Answer
(a) $r(x),u(x)$
(b) $s(x)$
(c) $s(x),w(x)$
(d) $w(x)$
(e) $x=-1,2$ (vertical) and $y=0$ (horizontal)
(f) see graph, symptotes $x=\pm5$, x-intercepts $-4.372, 1.372$, y-intercept $0.24$
(g) $P(x)=x^2-2x-5$
Work Step by Step
(a) as $x\to \pm \infty, r(x)\to 0, u(x)\to 1$ they both have horizontal asymptotes.
(b) $s(x)$ will has a slant asymptote because the quotient will be a line.
(c) $s(x)$ has no vertical asymptote because its divisor is always larger than 4, $w(x)$ has no vertical asymptote because the dividend contains a factor which is the same as the divisor.
(d) $w(x)$ has a "hole" because both the dividend and the divisor has a common factor of $x+3$
(e) The asymptotes of function $r(x)$ are $x=-1,x=2$ (vertical) and $y=0$ (horizontal)

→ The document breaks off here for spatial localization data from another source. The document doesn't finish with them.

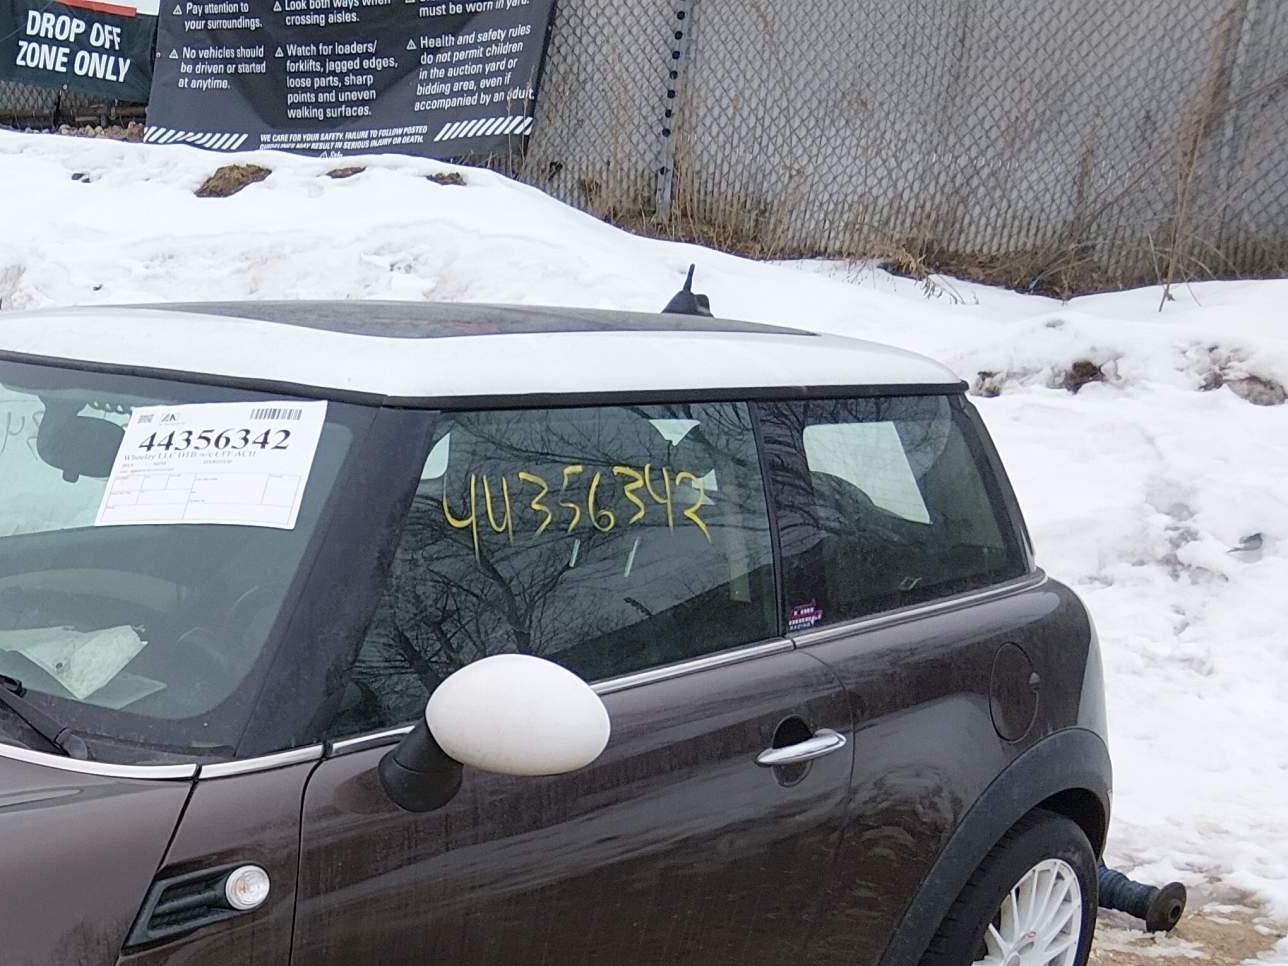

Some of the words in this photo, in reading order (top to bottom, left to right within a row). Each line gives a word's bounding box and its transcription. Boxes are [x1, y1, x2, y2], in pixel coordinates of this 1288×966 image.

[186, 2, 203, 16] Pay
[204, 1, 239, 14] attention
[241, 2, 249, 13] to
[285, 0, 307, 10] Look
[419, 3, 447, 17] must
[449, 2, 463, 14] be
[465, 0, 493, 13] worn
[185, 19, 206, 32] your
[207, 16, 263, 31] surroundings.
[285, 12, 326, 26] crossing
[328, 10, 360, 23] aisles.
[26, 10, 86, 43] DROP
[89, 22, 121, 50] OFF
[420, 34, 455, 49] Health
[457, 32, 475, 46] and
[477, 28, 507, 42] safety
[508, 24, 532, 38] rules
[182, 46, 197, 59] No
[198, 46, 235, 59] vehicles
[236, 45, 265, 58] should
[286, 43, 317, 57] Watch
[319, 43, 333, 56] for
[335, 39, 378, 55] loaders/
[420, 52, 433, 65] do
[435, 51, 451, 64] not
[452, 46, 484, 64] permit
[485, 41, 524, 57] children
[16, 40, 70, 73] ZONE
[73, 50, 131, 83] ONLY
[181, 61, 193, 74] be
[195, 61, 224, 74] driven
[226, 64, 236, 74] or
[237, 60, 266, 74] started
[286, 60, 324, 73] forklifts,
[325, 57, 360, 73] jagged
[363, 56, 399, 71] edges,
[419, 68, 428, 80] in
[429, 66, 445, 79] the
[447, 62, 483, 77] auction
[484, 58, 507, 75] yard
[507, 57, 519, 69] or
[178, 77, 189, 88] at
[190, 76, 231, 91] anytime.
[286, 75, 312, 88] loose
[314, 75, 342, 89] parts,
[344, 73, 374, 87] sharp
[416, 83, 451, 96] bidding
[452, 79, 477, 92] area,
[479, 76, 503, 89] even
[504, 71, 512, 85] if
[287, 91, 316, 105] points
[318, 90, 336, 102] and
[338, 90, 376, 102] uneven
[414, 93, 478, 112] accompanied
[479, 91, 491, 106] by
[493, 90, 505, 102] an
[287, 106, 324, 120] walking
[326, 104, 372, 118] surfaces.
[138, 427, 292, 452] 44356342
[443, 464, 712, 567] 44356342

(f) See graph, asymptotes are $x=\pm5$, x-intercepts $-3,2$, y-intercept $0.24$
(g) Using long division as shown in the figure (g), we can find the quotient of $t(x)$ as $x^2-2x-5$, let $P(x)=x^2-2x-5$ and plot both $P(x), t(x)$ and it can be seen that they have the same end behavior.